What Is Azure Cloud Management?

Azure cloud management consists of the tasks and processes that are required to maintain your Azure infrastructure, applications, and services in optimal health and performance. It includes creating, deploying, and managing virtual machines, applications, and services.

It also involves monitoring, troubleshooting, and optimizing the performance of your Azure cloud environment.

Managing your Azure cloud involves a set of tools, services, and platforms. These enable you to configure, run, and optimize your infrastructure, applications, and services on Azure.

In addition, other areas of Azure cloud management involve automating processes, monitoring performance, and securing data.

Plus, it also includes providing support for users, troubleshooting issues, and responding to outages.

Microsoft Azure also provides a range of managed services, such as managed databases, managed storage, and managed applications. These services make it easier for users to manage and scale their cloud resources.

The Cloud Cost Playbook

What Are The Benefits Of Azure Cloud Management?

Ultimately, you want to maximize the return on your Azure cloud investment. By practicing Azure cloud management, you can tweak things to meet your cloud performance, security, and cost goals.

Here are some advantages to managing your Azure cloud:

  • Enhances security – Build, improve, and promote robust security measures to protect your data from unauthorized access and systems from degradation.
  • Ensures availability – Maintain the health of your Azure cloud infrastructure, applications, and services to ensure high-quality user experiences.
  • Facilitates disaster recovery – Provide redundancy, backup, and recovery for your Azure cloud assets.
  • Helps improve performance – Monitoring performance helps to identify any potential issues before they affect other services.
  • Improves cloud visibility – Be able to see your cloud components in a unified way, including infrastructure, apps, and services, allowing you to better integrate and configure them for optimal performance.
  • Enables robust cloud cost management – Track and analyze resource usage to identify potential cost savings and maximize efficiency.
  • Implement hybrid cloud and multi-cloud deployments – This practice can help you take advantage of different cloud providers’ strengths without leading to operational chaos.

In addition, Microsoft has increasingly introduced automation to help Azure cloud users handle repetitive tasks that can be time-consuming.

These include auto-scalability, which ensures your cloud resources can increase and decrease on demand to meet workload requirements.

Yet, there are some limitations you’ll want to keep an eye on.

What Are The Limitations Of Azure Cloud Management?
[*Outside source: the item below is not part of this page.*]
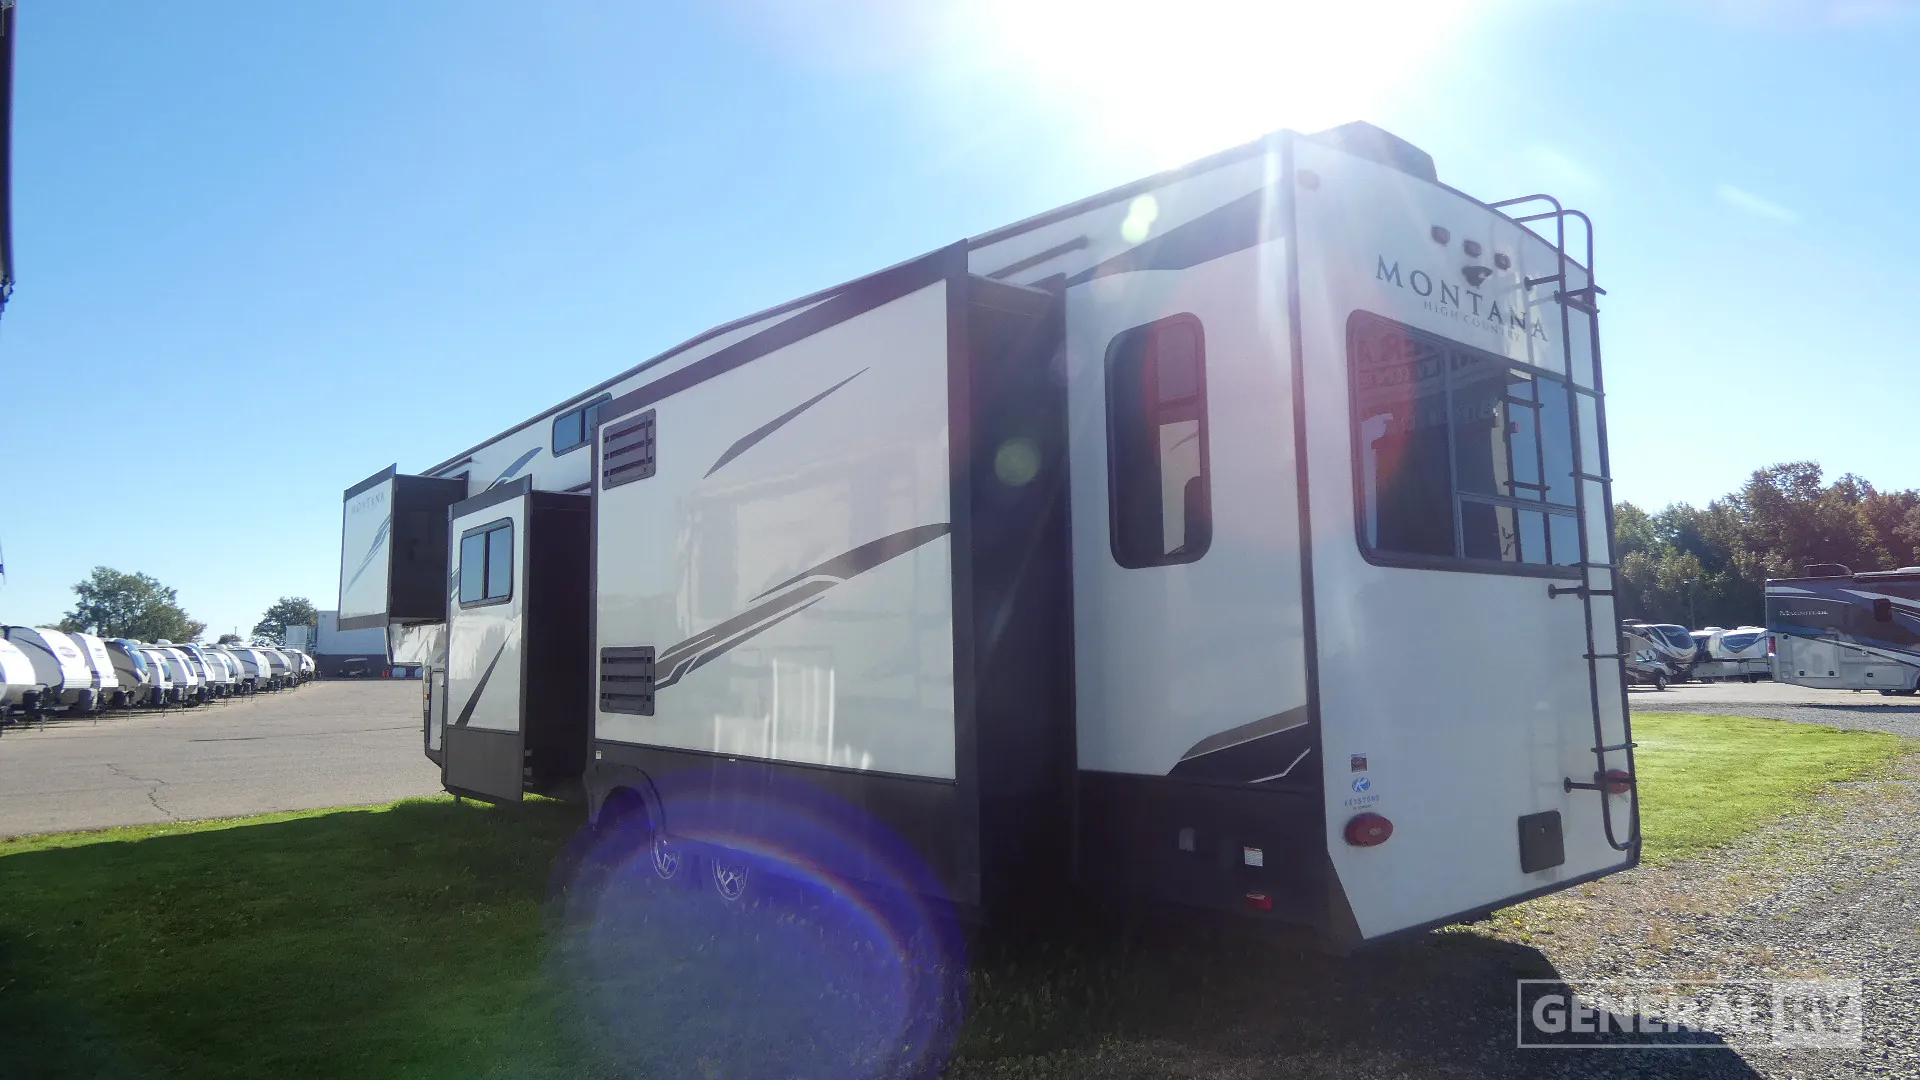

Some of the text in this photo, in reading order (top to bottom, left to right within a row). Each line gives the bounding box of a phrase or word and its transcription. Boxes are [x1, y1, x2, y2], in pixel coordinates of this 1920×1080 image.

[1376, 255, 1548, 341] MONTANA
[1424, 300, 1521, 341] HIGH COUNTRY
Managing an Azure Cloud environment does have its fair share of challenges. These include:

  • Complexity – The broader the cloud components, such as the number of services running, the more complex the environment gets to manage effectively.
  • Requires advanced expertise – It requires a deep understanding of not only general cloud computing concepts and technologies but also Azure-specific best practices. Organizations that do not have the expertise to manage their Azure Cloud may need to hire consultants or staff with the necessary skills.
  • Azure Cloud Management can be expensive – Continuously monitoring your Azure cloud environment can require you to invest in people, tools, and services, which can quickly rack up your cloud bill. This is especially true for organizations that use a lot of resources.
  • Security risk – Organizations that store data in the cloud are responsible for securing it. That means you need to have the proper security and compliance measures in place. Otherwise, your data could be compromised.
  • Personalized support – This can be difficult to get, especially for organizations that have complex issues, such as operating across clouds (hybrid cloud and multi-cloud). You may need to wait a long time for support or hire consultants to help you.

Despite these challenges, practicing Azure cloud management can help your organization to more effectively use your Azure cloud resources.

That said if you want to simplify your Azure management work, consider investing your time, effort, and talent in the following areas.

What Is A Microsoft Azure Management Area?

This refers to the groupings of tasks and processes required to maintain your Azure applications and the resources that support them.

According to Microsoft, there are six Azure management areas you’ll want to track:

  • Migration
  • Configuration
  • Security
  • Protection
  • Monitoring
  • Governance

Picture this:

Microsoft Azure management areas

Credit: Microsoft Azure management areas

What Are The Six Azure Management Areas To Keep Track Of Today?

Here’s what each area is all about.

1. Migration

This refers to the process of moving your on-premises workloads to an Azure cloud environment. The migration can also be from another cloud service provider, such as Amazon Web Services (AWS) or Alibaba Cloud.

An Azure cloud migration involves quite a bit of planning (known as pre-migration) rather than merely moving your physical servers, Hyper-V VMs, and VMware VMs to Azure.

On Azure, these pre-migration steps include discovery, assessment, and right-sizing resources. The cloud provider offers one primary platform to help with this: Azure Migrate

Azure Migrate is a suite of cloud migration tools, including Discovery and Assessment, Data Migration Assistant, and Movere. It also provides a unified portal for starting your Azure migration process and tracking its progress.

2. Configuration

Configuration refers to the process of defining dependencies, allocating resources, and maintaining an IT system’s components in a desired state, enabling it to handle certain workloads.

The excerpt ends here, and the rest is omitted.